The Government’s consultation on creating a tourism strategy to maximise the benefits of the 2012 Olympic Games will be undermined by its failure to put any new money behind the effort, argues Kurt Janson, policy director at the Tourism Alliance
The Department of Culture, Media and Sport (DCMS) has launched its consultation document on the development of a tourism strategy for the 2012 Olympic Games.
As it estimates that tourism will reap between 50-75% of the potential £1.4b-£2b benefit of the Games, it is important that a strong and focused tourism strategy is in place to maximise the gains.
And the consultation document gets off to the right start with sections on ensuring that the proper structures are in place, that the quality of tourism products and services is improved, that tourism staff have the training and skills required to provide the level of service required, and that overseas visitors are made to feel welcome when they arrive in the country.
This is all very sensible stuff and DCMS is keen to elicit innovative and creative proposals on how to achieve these aims, with the Secretary of State going as far as to say that “Everyone who responds can be confident that their comments will be considered seriously.”
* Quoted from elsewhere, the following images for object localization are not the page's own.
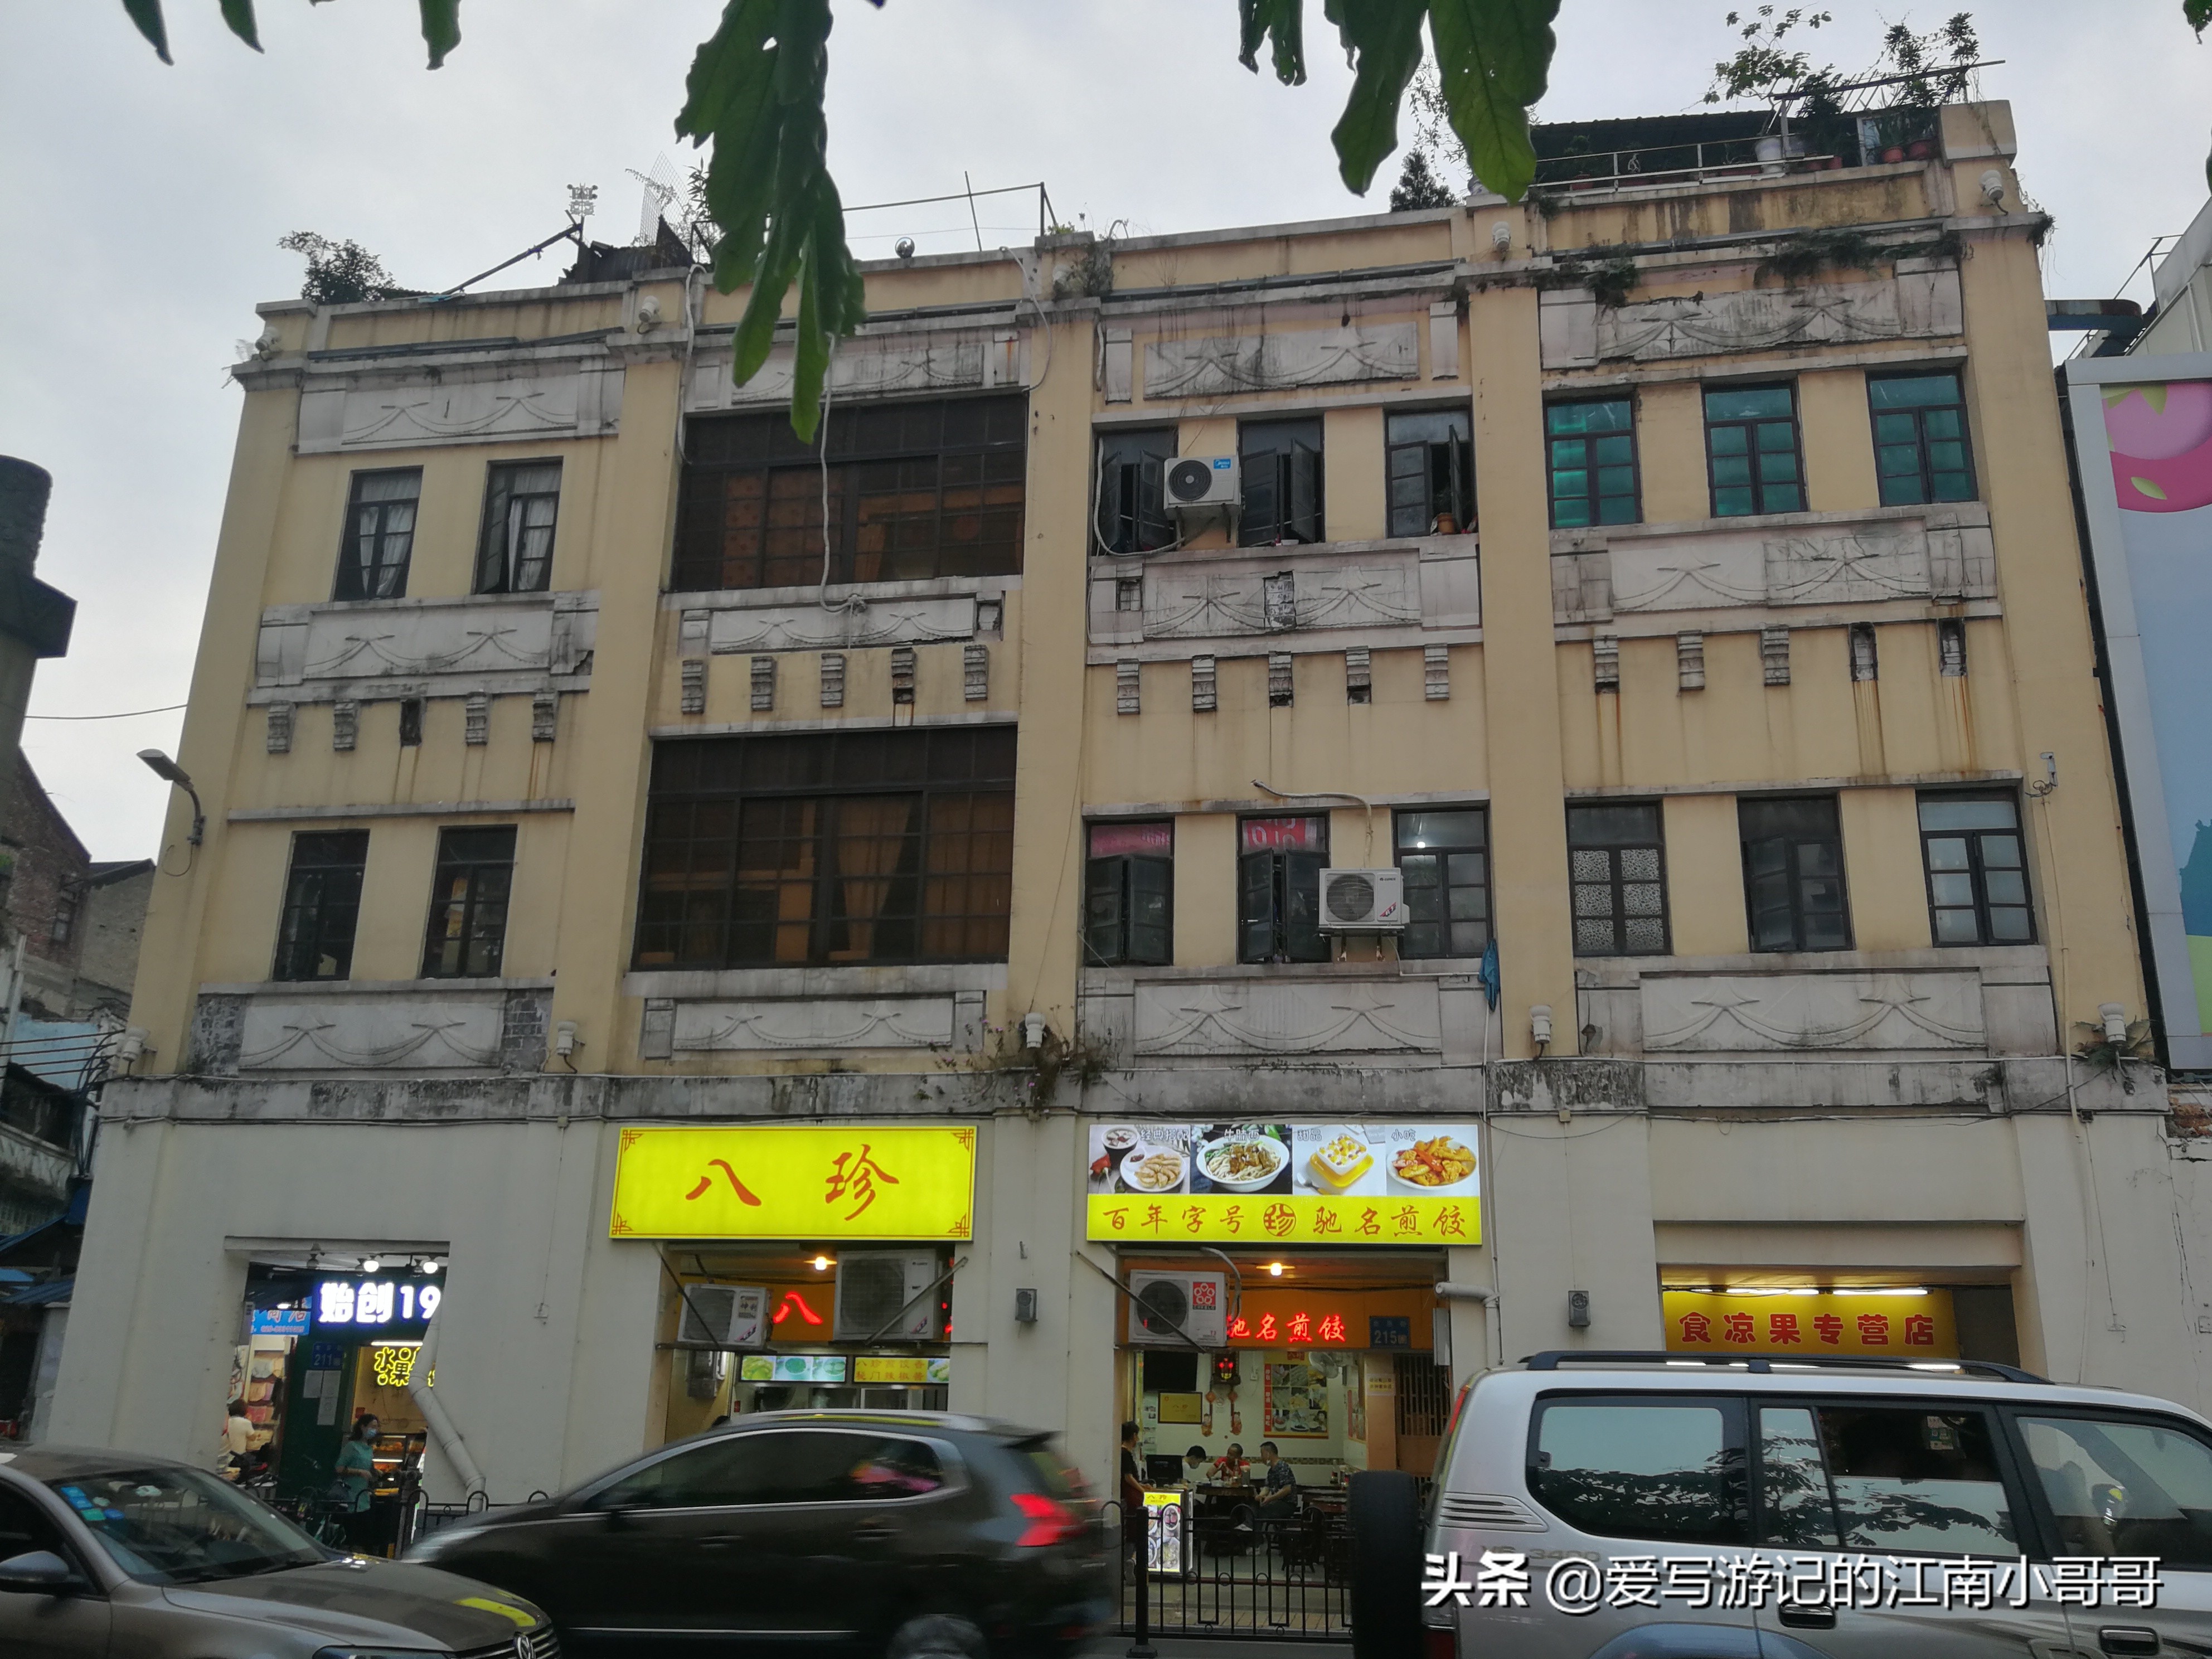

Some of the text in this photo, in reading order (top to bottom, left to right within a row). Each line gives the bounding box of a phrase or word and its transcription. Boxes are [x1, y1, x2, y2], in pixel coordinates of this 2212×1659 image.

[1141, 1128, 1190, 1142] 经典搭配
[1297, 1128, 1322, 1142] 甜品
[1390, 1128, 1416, 1142] 小吃
[685, 1144, 900, 1221] 八珍
[1103, 1202, 1245, 1235] 百年字号
[1313, 1205, 1467, 1238] 驰名煎饺
[773, 1291, 823, 1325] 八
[1679, 1311, 1935, 1346] 食凉果专营店
Indeed, the document provides a series of 21 questions that seek to focus respondents’ thinking on to what needs to be done in the lead-up to, during, and after the Games to wring the maximum benefit out of London and the UK being the centre of world attention for two weeks.
However, there is one core issue that is not mentioned anywhere in the document - and this is funding.
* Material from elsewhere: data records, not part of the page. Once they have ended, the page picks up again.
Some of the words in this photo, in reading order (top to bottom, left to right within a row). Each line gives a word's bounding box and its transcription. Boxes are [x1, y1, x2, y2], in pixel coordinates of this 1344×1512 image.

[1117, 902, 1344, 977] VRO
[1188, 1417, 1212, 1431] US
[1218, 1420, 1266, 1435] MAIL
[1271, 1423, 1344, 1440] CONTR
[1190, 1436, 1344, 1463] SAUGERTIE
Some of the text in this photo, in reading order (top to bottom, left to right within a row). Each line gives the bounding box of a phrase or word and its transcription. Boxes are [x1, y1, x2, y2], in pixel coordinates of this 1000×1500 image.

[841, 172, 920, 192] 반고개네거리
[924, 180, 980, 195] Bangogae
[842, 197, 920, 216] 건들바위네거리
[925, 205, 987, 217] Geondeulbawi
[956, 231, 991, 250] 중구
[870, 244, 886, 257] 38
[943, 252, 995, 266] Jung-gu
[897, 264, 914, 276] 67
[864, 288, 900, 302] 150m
There are any number of initiatives that can be undertaken to improve the performance of the tourism sector in the lead-up to the Olympic Games but there needs to be a commitment on behalf of Government to contribute the resources needed to make them a reality.
Yet DCMS claims that additional funding is not required. Its takes the view that the £300m the Government already spends on tourism is more than adequate. So rather than committing additional resources, DCMS believes that the goals of the strategy can be achieved simply by using existing resources more effectively and efficiently.
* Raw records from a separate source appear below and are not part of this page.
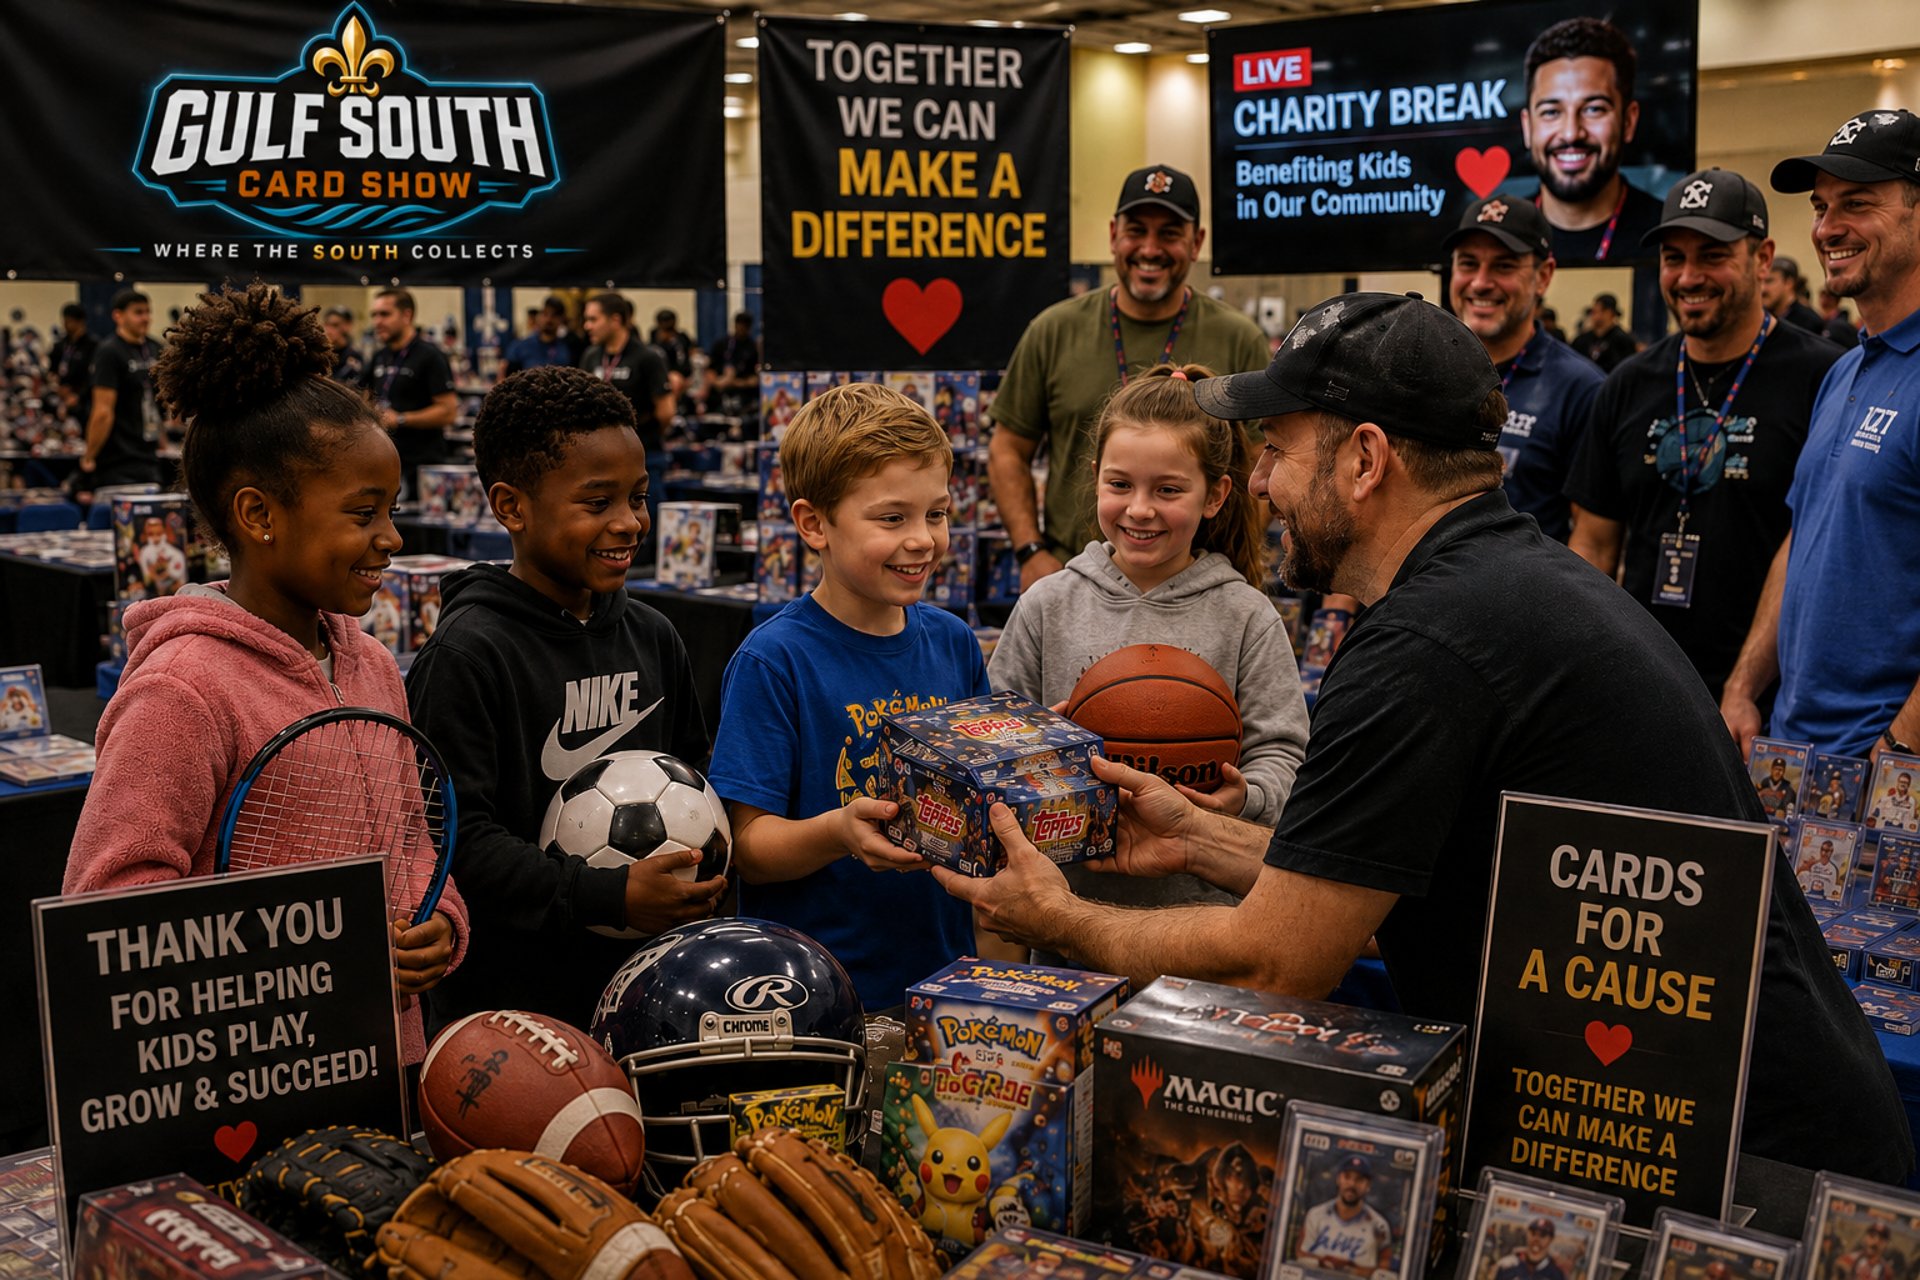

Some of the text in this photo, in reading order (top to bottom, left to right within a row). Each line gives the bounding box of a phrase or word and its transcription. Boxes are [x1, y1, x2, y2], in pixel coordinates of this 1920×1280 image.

[806, 39, 1023, 89] TOGETHER
[1242, 55, 1302, 85] LIVE
[151, 89, 546, 178] GULF SOUTH
[838, 96, 996, 141] WE CAN
[1234, 79, 1507, 137] CHARITY BREAK
[238, 170, 473, 199] CARD SHOW
[838, 147, 1022, 199] MAKE A
[1236, 150, 1411, 188] Benefiting Kids
[1237, 183, 1445, 219] in Our Community
[153, 243, 534, 260] WHERE THE SOUTH COLLECTS
[791, 210, 1047, 258] DIFFERENCE
[561, 671, 639, 734] NIKE
[1549, 843, 1706, 907] CARDS
[87, 897, 344, 976] THANK YOU
[1575, 901, 1665, 957] FOR
[111, 961, 334, 1030] FOR HELPING
[1518, 948, 1716, 1021] A CAUSE
[137, 1012, 316, 1074] KIDS PLAY,
[80, 1045, 379, 1134] GROW & SUCCEED!
[1163, 1075, 1278, 1117] MAGIC
[1164, 1100, 1184, 1112] THE
[1511, 1067, 1645, 1117] TOGETHER
[1653, 1093, 1697, 1127] WE
[1517, 1104, 1678, 1160] CAN MAKE A
[1510, 1136, 1679, 1197] DIFFERENCE
However, the major problem with this approach is that the £300m figure is only derived through sleight-of-hand. First, it includes £110m in funding from the Scottish Parliament, Welsh Assembly and Northern Ireland for the operation of their national tourist boards. This is funding that DCMS and Westminster have no control over.
Second, it also includes £40m that the Regional Development Agencies (RDAs) allocate from their budgets towards tourism. While a small amount of this comes from DCMS, the vast majority comes from the Department of Trade and Industry - meaning that DCMS has very little, if any, control over how the RDAs choose to spend their funds.
Lastly, £122m is money spent by local authorities. Most of this expenditure goes on things like Tourism Information Centres and the maintenance of tourism services and facilities. Again, DCMS has no control over this expenditure.
So, of the £300m, DCMS is only able to control about £54m. It is also worth noting that this level of funding has not increased for 10 years.
While this is still a substantial amount, it is worth putting it into context. Tourism Australia’s Where the bloody hell are you? campaign cost £72m – and that was just one campaign, whereas the £55m of DCMS-controlled expenditure includes all the overheads of running VisitBritain.
So we face the situation that, while £2.4b of public and lottery money will be spent on holding the Olympic Games, DCMS is putting together a tourism strategy with which it hopes to gain up to £2b in additional revenue based on a level of funding that, by the time of the Games, will not have changed for 15 years.